Physical characteristics
- Source: Kuh-e Shah mountain
- • location: 20 km (12 mi) north-east of Baft
- • elevation: 4,400 m (14,400 ft) above sea level
- Mouth: Hamun-e Jaz Murian
- • location: Baluchistan
- Length: 390 km (240 mi)

Basin features
- • left: Zardasht River, Rabor River
- • right: Narab River
- Longest tributary: Zardasht River

= Halil River =

River in Iran

Halīl River or HalīlRood (هلیل‌رود) also Haliri River, known as the Kharaw or ZarDasht in its upper reaches, is a river stretching for some 390 km running in the Baft, Jiroft and Kahnuj districts of Kerman Province, Iran.

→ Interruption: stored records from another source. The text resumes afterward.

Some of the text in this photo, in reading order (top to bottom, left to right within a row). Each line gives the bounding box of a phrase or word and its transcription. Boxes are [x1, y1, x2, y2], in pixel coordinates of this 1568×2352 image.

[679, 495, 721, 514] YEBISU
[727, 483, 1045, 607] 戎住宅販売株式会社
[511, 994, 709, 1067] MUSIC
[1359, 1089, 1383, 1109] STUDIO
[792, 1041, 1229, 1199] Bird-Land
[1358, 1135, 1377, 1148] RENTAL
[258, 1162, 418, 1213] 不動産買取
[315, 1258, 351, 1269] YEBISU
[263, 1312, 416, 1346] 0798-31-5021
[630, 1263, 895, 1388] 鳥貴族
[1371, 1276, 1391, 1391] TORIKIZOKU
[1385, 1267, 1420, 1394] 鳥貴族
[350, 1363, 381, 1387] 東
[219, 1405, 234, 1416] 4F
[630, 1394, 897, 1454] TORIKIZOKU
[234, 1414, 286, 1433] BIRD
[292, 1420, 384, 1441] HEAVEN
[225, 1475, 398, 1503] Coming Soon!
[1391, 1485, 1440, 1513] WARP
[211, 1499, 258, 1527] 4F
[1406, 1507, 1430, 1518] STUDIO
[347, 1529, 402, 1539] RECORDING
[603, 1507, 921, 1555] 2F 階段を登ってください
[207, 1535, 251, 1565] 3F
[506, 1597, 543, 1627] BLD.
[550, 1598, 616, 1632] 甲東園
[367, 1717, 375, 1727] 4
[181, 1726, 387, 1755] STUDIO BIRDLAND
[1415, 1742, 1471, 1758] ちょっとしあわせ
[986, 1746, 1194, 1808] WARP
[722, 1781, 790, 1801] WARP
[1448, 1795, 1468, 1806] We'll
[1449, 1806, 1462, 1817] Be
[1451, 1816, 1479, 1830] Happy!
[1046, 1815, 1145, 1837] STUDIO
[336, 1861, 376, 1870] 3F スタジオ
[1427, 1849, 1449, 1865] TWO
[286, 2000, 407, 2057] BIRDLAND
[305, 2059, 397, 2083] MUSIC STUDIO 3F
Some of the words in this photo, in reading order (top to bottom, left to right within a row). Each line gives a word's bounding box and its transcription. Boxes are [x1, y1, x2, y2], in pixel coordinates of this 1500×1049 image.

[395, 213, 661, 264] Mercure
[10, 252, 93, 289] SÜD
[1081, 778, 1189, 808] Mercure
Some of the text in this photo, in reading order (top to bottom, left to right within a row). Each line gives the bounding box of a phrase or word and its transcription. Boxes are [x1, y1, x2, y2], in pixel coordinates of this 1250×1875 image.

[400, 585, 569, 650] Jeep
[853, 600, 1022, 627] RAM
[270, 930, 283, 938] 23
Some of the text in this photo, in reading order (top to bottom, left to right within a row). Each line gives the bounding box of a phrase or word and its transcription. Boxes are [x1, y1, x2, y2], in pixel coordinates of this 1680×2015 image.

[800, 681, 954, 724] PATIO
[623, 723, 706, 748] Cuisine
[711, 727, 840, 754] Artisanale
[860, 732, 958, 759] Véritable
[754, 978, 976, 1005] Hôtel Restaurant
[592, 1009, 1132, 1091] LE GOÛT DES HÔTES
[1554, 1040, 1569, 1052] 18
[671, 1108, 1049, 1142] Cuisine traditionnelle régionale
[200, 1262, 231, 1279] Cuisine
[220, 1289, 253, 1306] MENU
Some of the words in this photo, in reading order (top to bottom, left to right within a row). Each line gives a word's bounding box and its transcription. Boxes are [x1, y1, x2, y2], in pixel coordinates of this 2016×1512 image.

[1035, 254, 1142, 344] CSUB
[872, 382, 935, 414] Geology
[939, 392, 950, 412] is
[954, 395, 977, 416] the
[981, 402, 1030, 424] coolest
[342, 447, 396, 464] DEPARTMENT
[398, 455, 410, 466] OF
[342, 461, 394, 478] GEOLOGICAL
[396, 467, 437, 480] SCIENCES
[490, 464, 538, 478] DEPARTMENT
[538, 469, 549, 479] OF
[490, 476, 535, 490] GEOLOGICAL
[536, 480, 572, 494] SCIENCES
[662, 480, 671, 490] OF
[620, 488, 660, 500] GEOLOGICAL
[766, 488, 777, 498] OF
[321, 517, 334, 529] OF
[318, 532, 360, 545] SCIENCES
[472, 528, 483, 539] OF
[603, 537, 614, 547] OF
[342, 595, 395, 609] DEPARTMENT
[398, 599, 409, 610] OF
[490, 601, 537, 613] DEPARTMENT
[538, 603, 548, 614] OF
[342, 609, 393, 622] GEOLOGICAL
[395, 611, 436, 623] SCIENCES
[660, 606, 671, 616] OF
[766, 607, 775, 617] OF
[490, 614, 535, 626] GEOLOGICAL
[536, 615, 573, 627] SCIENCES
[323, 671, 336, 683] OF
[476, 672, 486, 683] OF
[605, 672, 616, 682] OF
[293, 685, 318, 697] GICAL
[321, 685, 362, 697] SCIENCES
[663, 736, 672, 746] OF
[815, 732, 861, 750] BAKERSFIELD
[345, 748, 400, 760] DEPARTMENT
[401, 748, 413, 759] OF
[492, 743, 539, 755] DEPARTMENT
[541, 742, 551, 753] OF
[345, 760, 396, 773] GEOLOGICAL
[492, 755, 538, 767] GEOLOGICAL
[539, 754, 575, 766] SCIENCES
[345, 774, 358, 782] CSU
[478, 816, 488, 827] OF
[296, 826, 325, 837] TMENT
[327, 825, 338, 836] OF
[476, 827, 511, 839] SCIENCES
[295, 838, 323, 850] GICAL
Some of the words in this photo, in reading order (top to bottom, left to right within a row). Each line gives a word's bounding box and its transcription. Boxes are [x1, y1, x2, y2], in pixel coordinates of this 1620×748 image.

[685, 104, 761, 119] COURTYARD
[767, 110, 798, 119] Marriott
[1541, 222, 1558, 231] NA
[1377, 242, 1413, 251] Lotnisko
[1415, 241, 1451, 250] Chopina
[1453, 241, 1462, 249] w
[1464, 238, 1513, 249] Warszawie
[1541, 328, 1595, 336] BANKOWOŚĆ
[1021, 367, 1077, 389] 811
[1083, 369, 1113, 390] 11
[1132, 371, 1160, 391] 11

The Halil rises at 4400 m above sea level in the Kuh-e shah mountain about 20 km to the north-east of Baft, flowing to the south-west until it is joined by the Zardasht and Rabor rivers. Turning towards the south, it flows along the foothills of the Bahr aseman mountains, then to the south-east until Jiroft Dam, which is 130 m high, about 40 km upstream of Jiroft at the confluence with the Narab. It passes some 15 km east of Kahnuj and terminates in the Hamun-e Jaz Murian of Baluchistan.

The climate of the Halil Rud or Halilrood (Rud or Rood means "river" in Persian) basin is extremely hot in summer and of moderate temperature in winter.
135 F in August 1933.

The Halil riverbanks are subject to periodical flooding, including the historical flood which destroyed Jiroft in ca. AD 1000, and one in 1993.

== Archaeology ==

The basin contains the sites of the Bronze Age Jiroft culture. Near the river is the village of Halil Rud (not far from the city of Jiroft); the area nearby "became famous between 2002/2003 [when news of] thousands of confiscated burial goods, especially elaborated carved chlorite vessels from the necropolises of Halil Rud" were released to public.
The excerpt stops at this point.